Notre marmotte a mal au pied,
Lui faut mettre un emplâtre.
Quel emplâtre lui mettrons-nous ?



Vous connaissez, système, cette vieille ballade populaire. Permettez, je vous prie, que notre marmotte vous représente un moment. Tout le monde, excepté quelques optimistes gagés pour dire le contraire, conviennent que notre marmotte est malade, mais quel emplâtre lui mettrons-nous ? Voilà la difficulté. Consultez les principaux organes de la presse. Le Courrier, devenu bourgeois, voudrait pour notre marmotte un tout petit emplâtre, pas plus grand qu’un pain à cacheter, encore pour l’agréer faudrait-il que cet emplâtre fût de soie. Nos amis du National, de l’Intelligence, du Journal du Peuple et du Charivari, réclament, eux, un emplâtre ample comme une robe de chambre. Le Constitutionnel, ce vieux tambour percé de la révolution de juillet, convient comme les autres que notre marmotte est malade. Mais il voudrait, le bon homme qu’il est, attendre qu’elle fût morte pour lui appliquer son emplâtre. Messieurs des Débats, arguant de cette divergence d’opinions entre les docteurs de notre marmotte, et rassurés d’ailleurs par l’excellent appétit de l’illustre boiteuse, protestent contre tout emplâtre présent ou futur. Cependant notre marmotte est malade et il lui faut un emplâtre.

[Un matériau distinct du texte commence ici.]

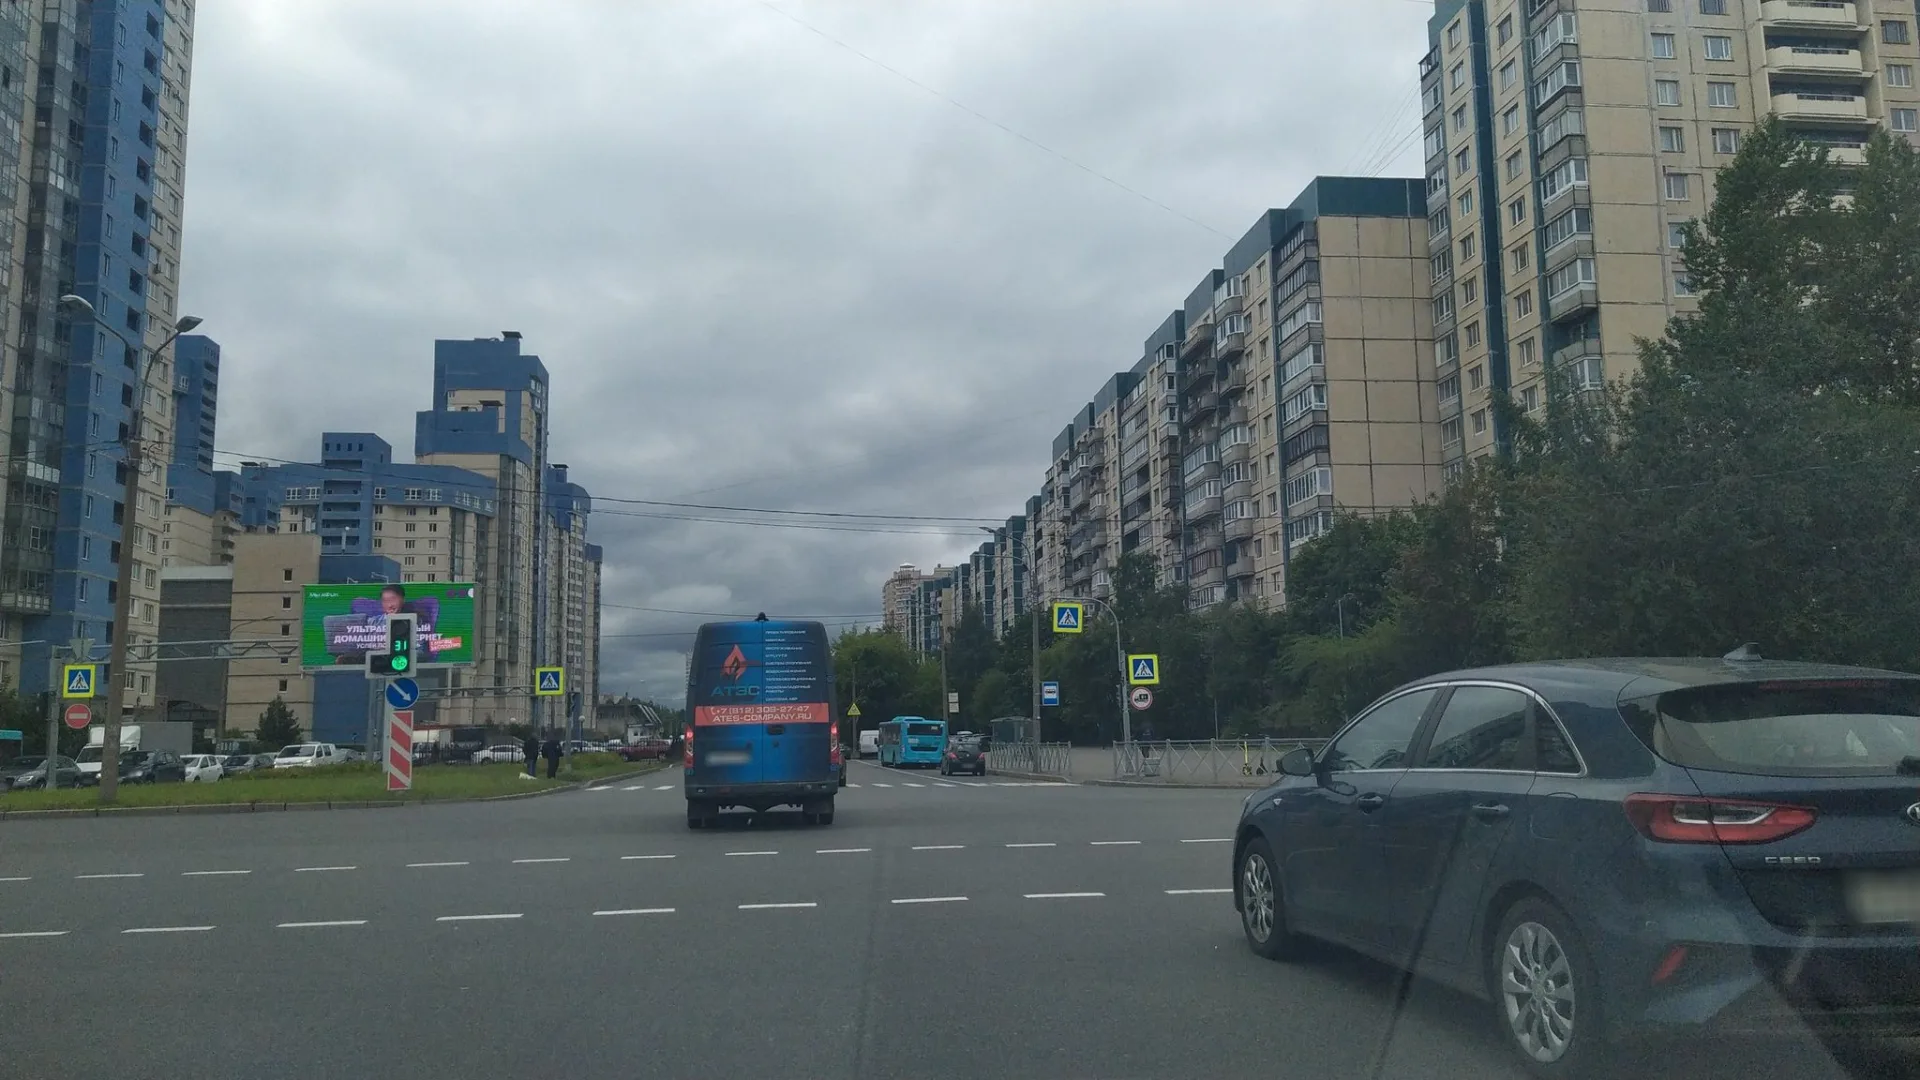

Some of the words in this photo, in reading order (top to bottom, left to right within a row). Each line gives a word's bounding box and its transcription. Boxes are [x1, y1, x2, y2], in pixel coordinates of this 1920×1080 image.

[334, 635, 387, 644] ДОМАШНИ
[395, 641, 407, 651] 31
[711, 685, 760, 696] АТЭС
[712, 713, 812, 722] ATES-COMPANY.RU

Des gens qui se croient de l’étoffe dont on ferait des capacités, proposent l’application des capacités, mais quelles capacités appliquera-t-on ? Il y a tant de capacités en France qu’ici ce n’est pas un petit embarras que l’embarras du choix.

Adjoindra-t-on les avocats ? On ne peut faire mieux sans doute. Mais les avoués voudront être de la fournée. Si la chambre ne fait droit à leur requête, ils la plaideront. L’avoué est en effet la chose qui ressemble le plus à l’avocat. Comme lui, il est au courant des affaires publiques : comme lui, il reçoit son journal. L’avoué est moins fort peut-être que l’avocat sur une question de mitoyenneté ou de donation au dernier survivant, mais relativement à la question d’Orient, comme à celle d’Algérie, je ne vois pas pourquoi l’avoué ne vaudrait pas l’avocat. Voulez-vous donc établir un mur de séparation entre deux professions qui se touchent, et mettre l’inimitié et la jalousie là où existait l’union ?

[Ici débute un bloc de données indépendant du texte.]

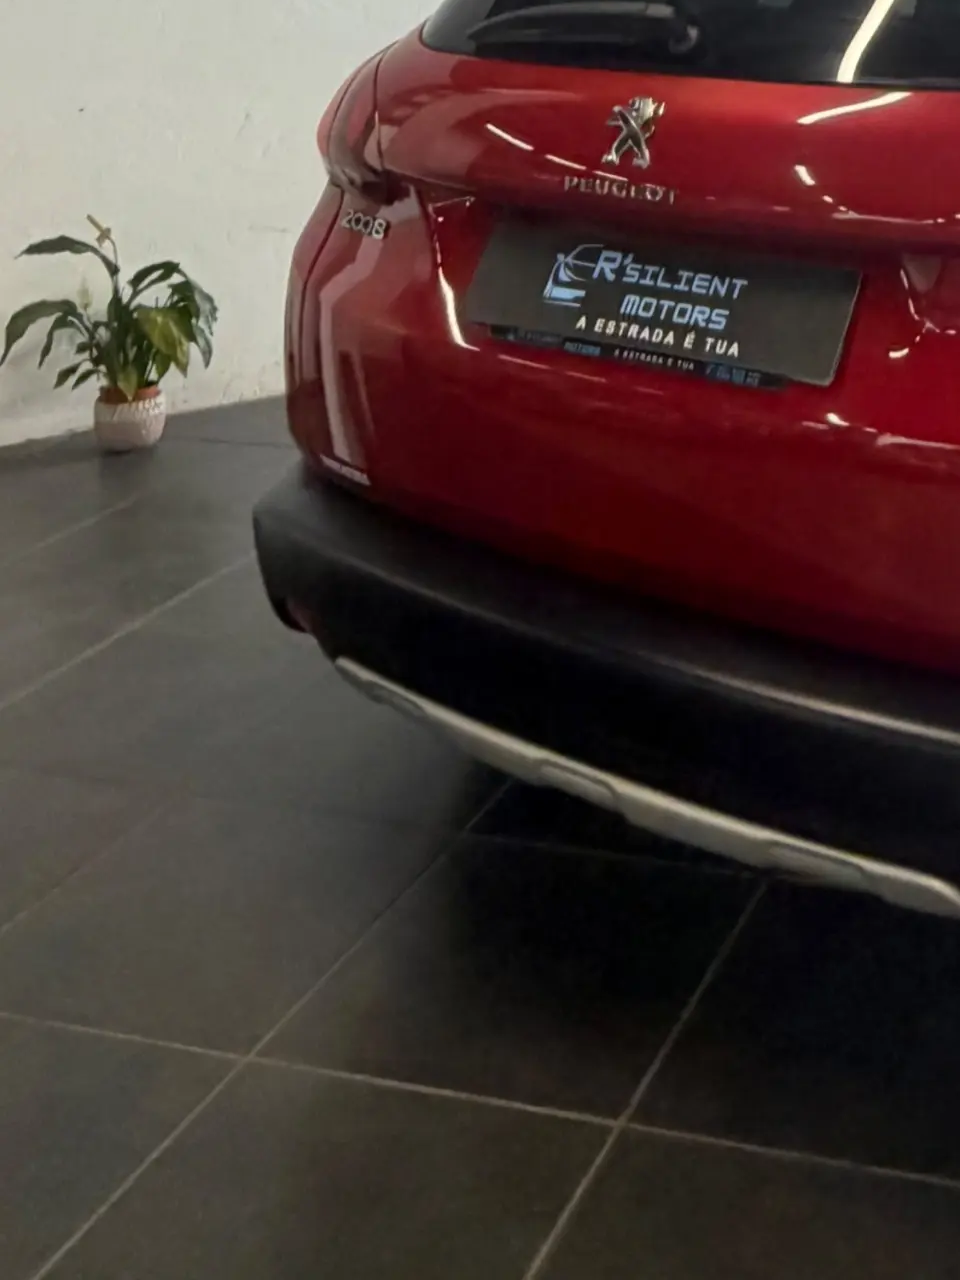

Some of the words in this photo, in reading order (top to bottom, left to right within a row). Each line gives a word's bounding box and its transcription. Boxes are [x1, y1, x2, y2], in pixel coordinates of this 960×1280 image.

[340, 208, 387, 240] 2008
[592, 249, 749, 300] R'SILIENT
[619, 293, 730, 331] MOTORS
[575, 315, 587, 331] A
[593, 317, 675, 348] ESTRADA
[683, 330, 697, 350] É
[704, 336, 740, 358] TUA
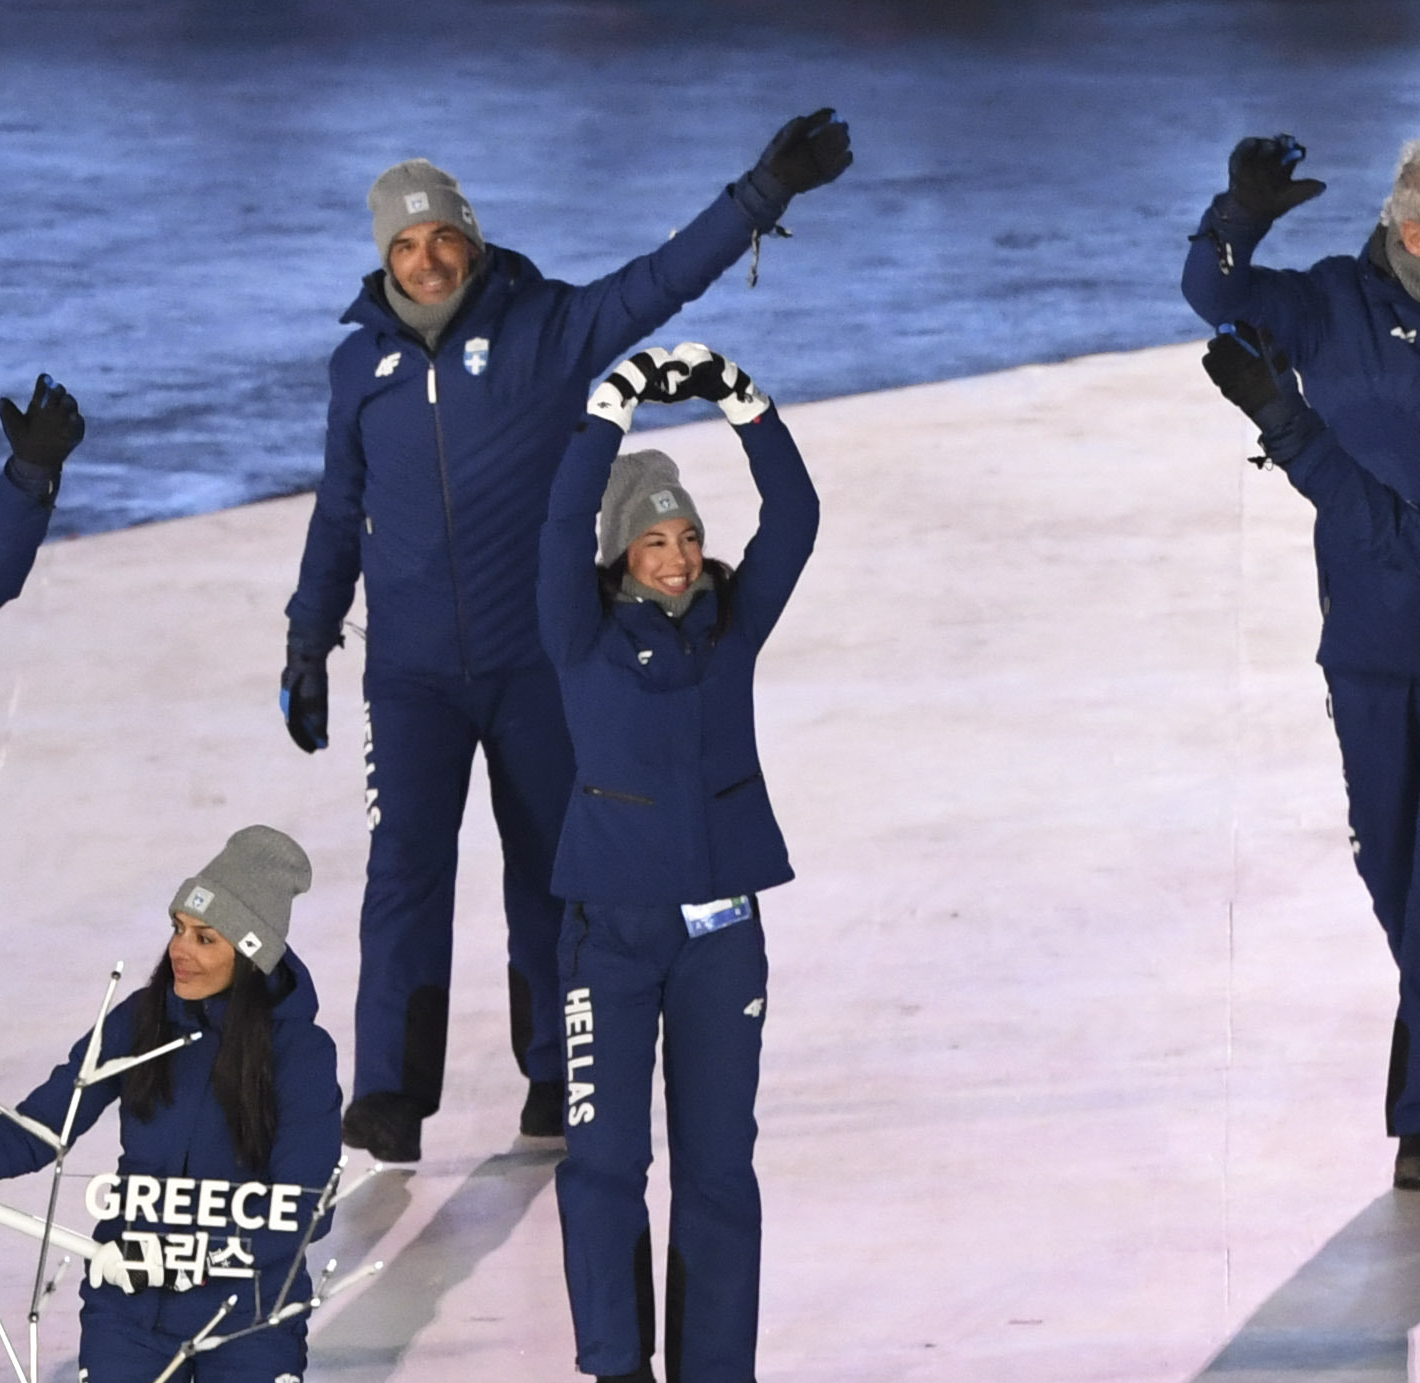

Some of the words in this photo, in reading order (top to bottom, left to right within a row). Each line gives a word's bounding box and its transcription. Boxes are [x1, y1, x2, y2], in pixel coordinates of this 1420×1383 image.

[565, 988, 595, 1127] HELLAS
[85, 1173, 302, 1231] GREECE
[119, 1232, 254, 1285] 그리스

Adjoindrez-vous les médecins ? Voilà certes une excellente adjonction. Si un électeur tombe frappé d’apoplexie, il y aura là du moins quelqu’un pour lui ouvrir la veine. Puis, où trouver des électeurs plus habiles que parmi la faculté ! Cet homme sait la médecine, donc il doit savoir la politique : le raisonnement est rigoureux ; mais celui ci ne le serait pas moins : cet homme sait la politique, donc il doit savoir la médecine. Alors, quand j’aurai la fièvre, je m’adresserai à un secrétaire d’ambassade ou à un conseiller d’État, et pour peu que je sois superstitieux, j’irai m’agenouiller sur la tombe de défunt M. Talleyrand qui, de son vivant, dut être un frt habile médecin.

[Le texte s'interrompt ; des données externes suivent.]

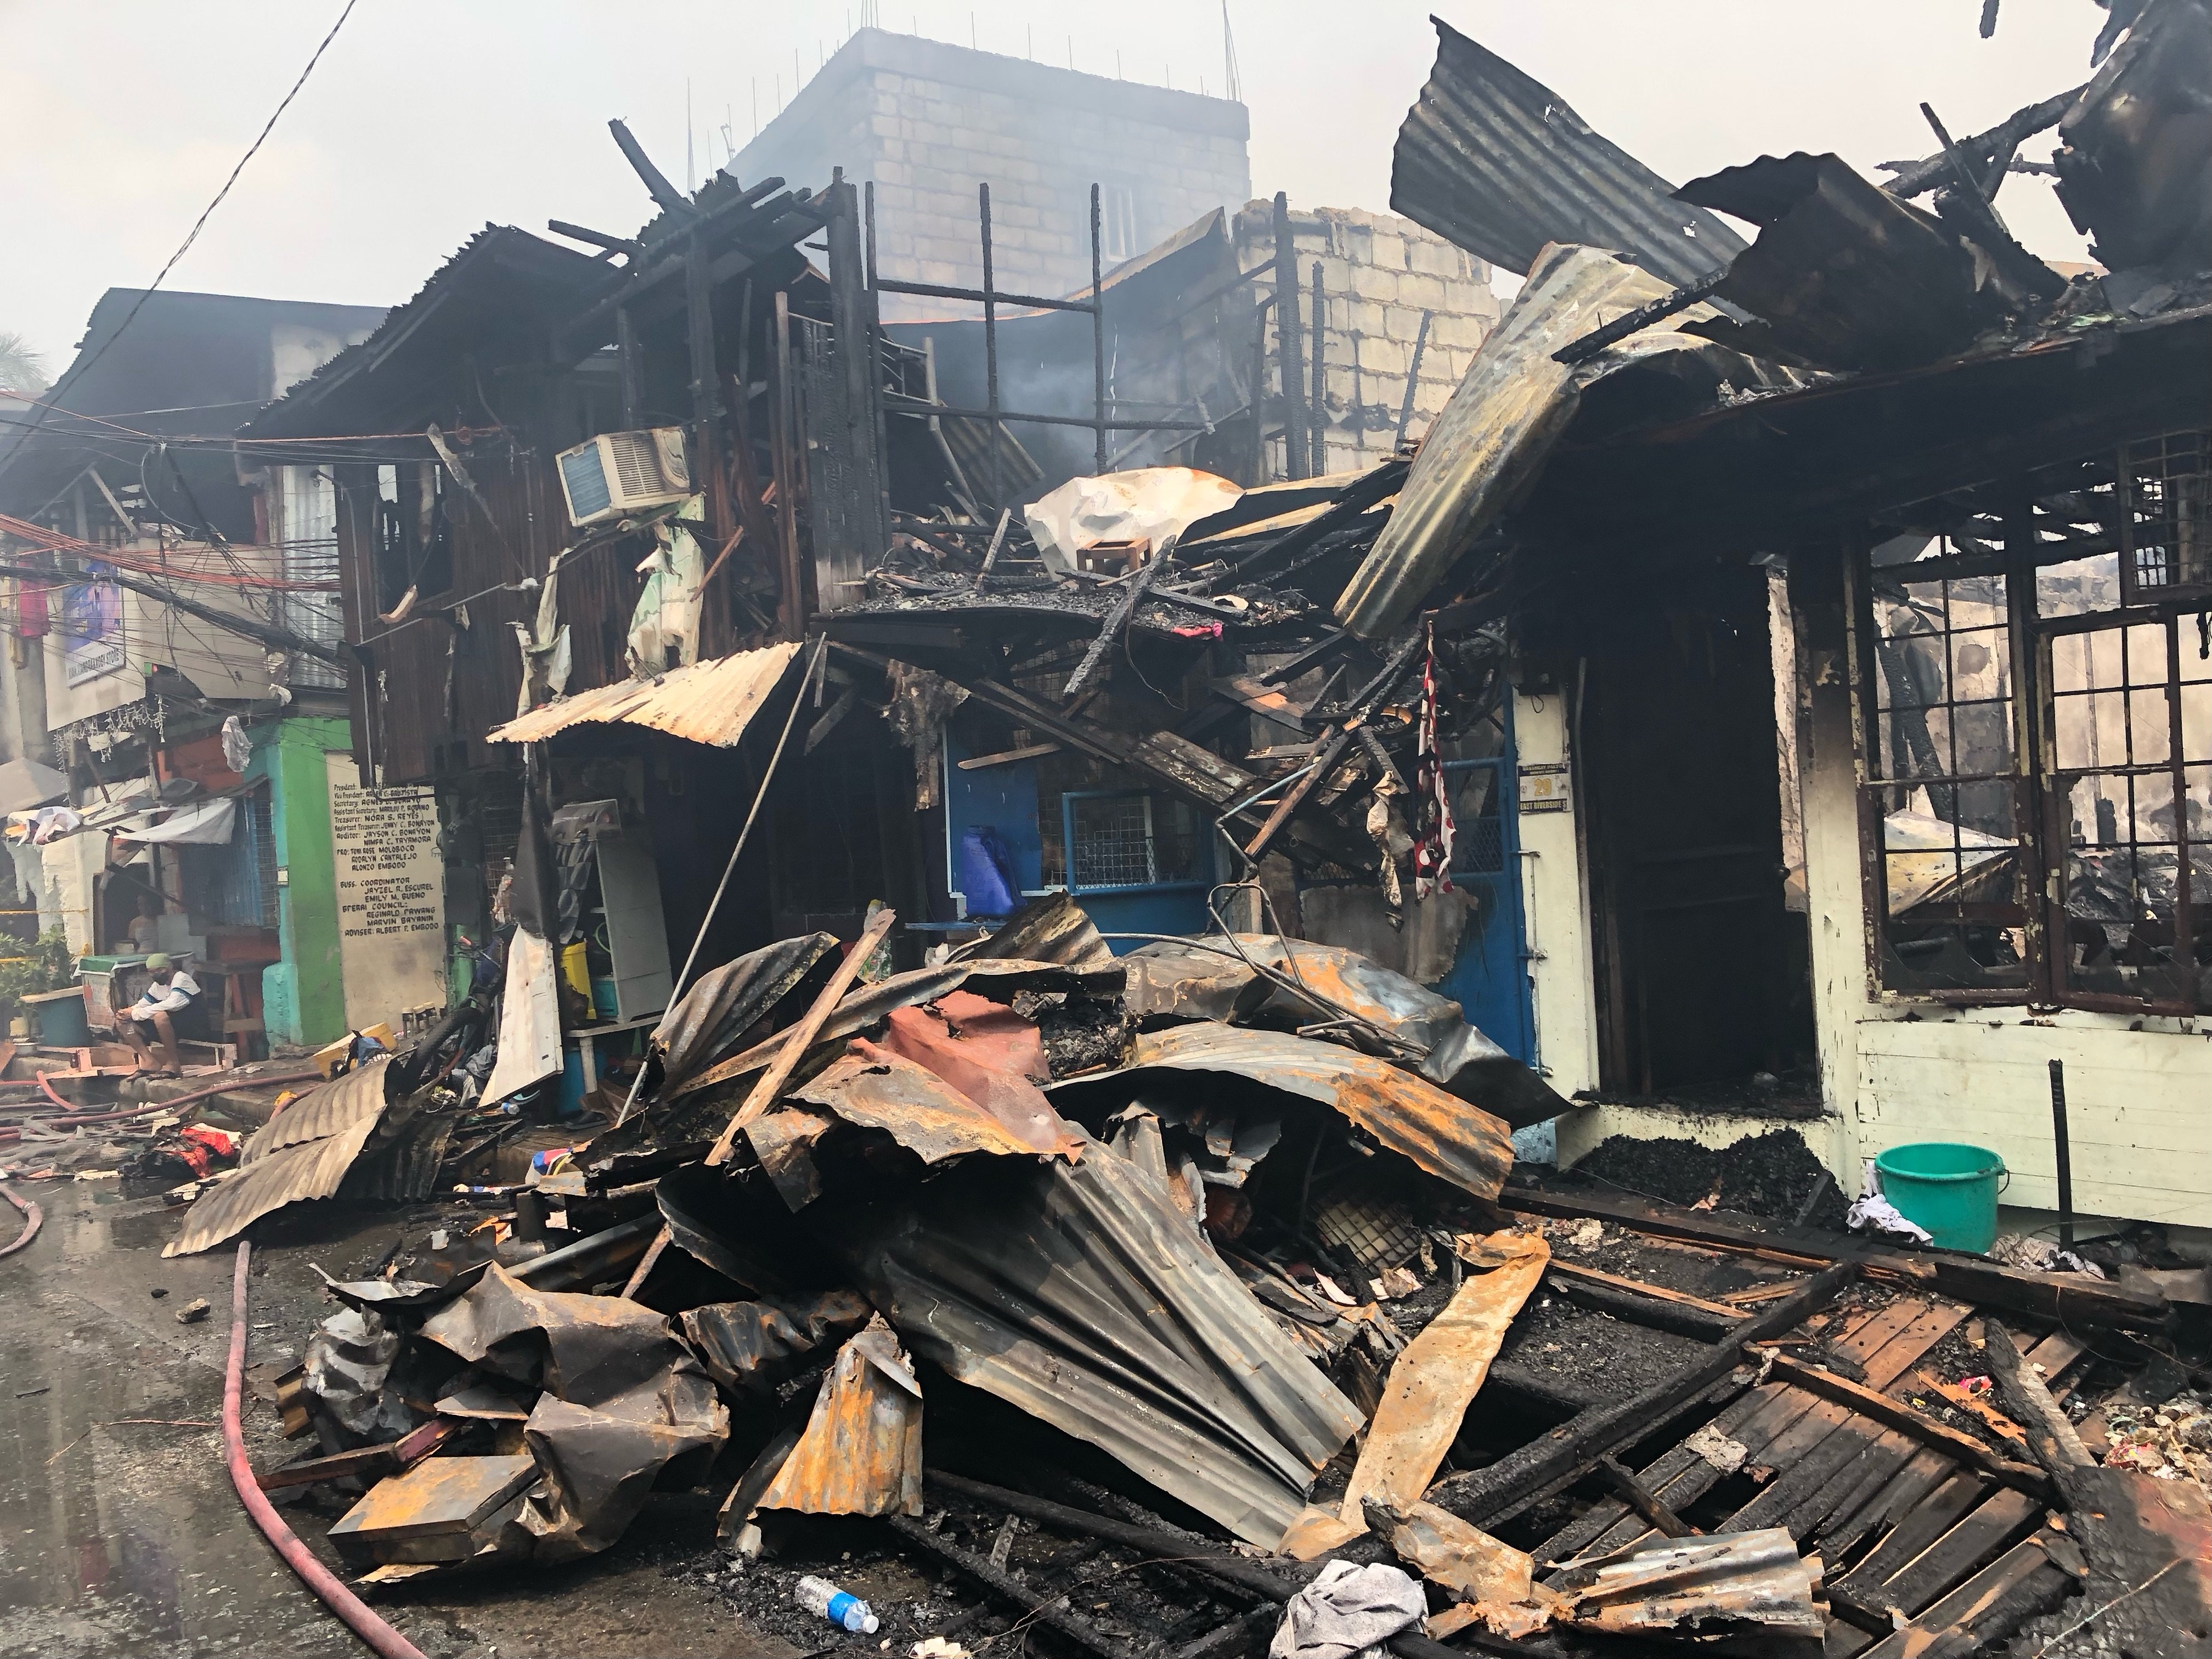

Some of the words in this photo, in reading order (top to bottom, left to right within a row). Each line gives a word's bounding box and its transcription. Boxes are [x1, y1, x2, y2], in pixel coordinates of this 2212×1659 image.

[1534, 778, 1551, 796] 29
[1520, 802, 1533, 810] EAST
[1533, 800, 1561, 809] RIVERSIDE
[395, 836, 431, 844] TAYAMORA
[379, 844, 415, 854] MOLOBOCO
[352, 863, 375, 872] ALONZO
[360, 877, 410, 887] COORDINATOR
[364, 887, 393, 895] JAYZEL
[365, 894, 388, 903] EMILY
[372, 902, 408, 910] COUNCIL:
[366, 910, 400, 918] REGINALD
[366, 918, 397, 927] MARVIN
[376, 926, 401, 934] ALBERT

Adjoindrez-vous les capacités littéraires ? Voilà qui serait libéral. Cette adjonction équivaudrait presque au suffrage universel. Vous allez ouvrir une catégorie qui commencera à M. de Chateaubriand et finira au rédacteur de l’Almanach de Liège. L’auteur d’une chansonnette pourra, ses quatre couplets à la main, venir vous demander sa part du privilège. Prendrez-vous pour signe de la capacité littéraire un gros livre ? Gare alors ! j’aperçois M. Napoléon Landais qui arrive avec son dictionnaire sur l’épaule, suivi du rédacteur de l’Almanach des 45 mille adresses. Prendrez-vous une seconde ou une troisième édition ? Voici la Cuisinière bourgeoise avec ses vingt éditions dans son tablier. Chateaubriand, Victor Hugo, Alexandre Dumas, rois de la pensée, pressez-vous, place à la reine des appétits éclairés !

Mais je songe aux ecclésiastiques ; pourquoi, puisque vous ouvrez un concours entre les capacités, élimineriez-vous les prêtres ? N’ont-ils pas été autrefois un corps politique dans l’État, et leur capacité théologique ne vaut elle pas bien les capacités profanes dont nous venons de parler ? Il est vrai, vous diront-ils, ou pourraient-ils vous dire, que nous avons des tendances hostiles à votre liberté ; nous regrettons l’ancien régime, et nous excommunierions tout votre système constitutionnel, si l’excommunication était encore une arme. Mais ne pouvez-vous paralyser notre mauvais vouloir, sans nous mettre hors du droit commun ? Voulez-vous donc nous clouer par les genoux aux marches de l’autel ? Vous avez peur de nous, mais cette crainte est d’un autre âge ; le temps n’est plus où l’insurrection marchait croix et bannière en tête. Vous ressemblez à ces enfants qui reculent à la vue d’un serpent mort étendu sur le chemin. Quelle influence pouvons-nous avoir sur des hommes qui ne vont plus à confesse ? Est-ce avec une armée de vieilles femmes, ayant des bedeaux et des sacristains pour sous-officiers, que nous renverserons votre gouvernement constitutionnel ? Forcez-nous d’enterrer les mots, puisque vous nous payez pour cela ; faites nous-mettre en prison comme les plus pauvres de vos paroissiens, quand nous insultons votre écharpe tricolore, mais puisque vous livrez les droits politiques au pillage, laissez nous prendre notre part du butin. Ce faisant, nous prierons Dieu qu’il vous bénisse.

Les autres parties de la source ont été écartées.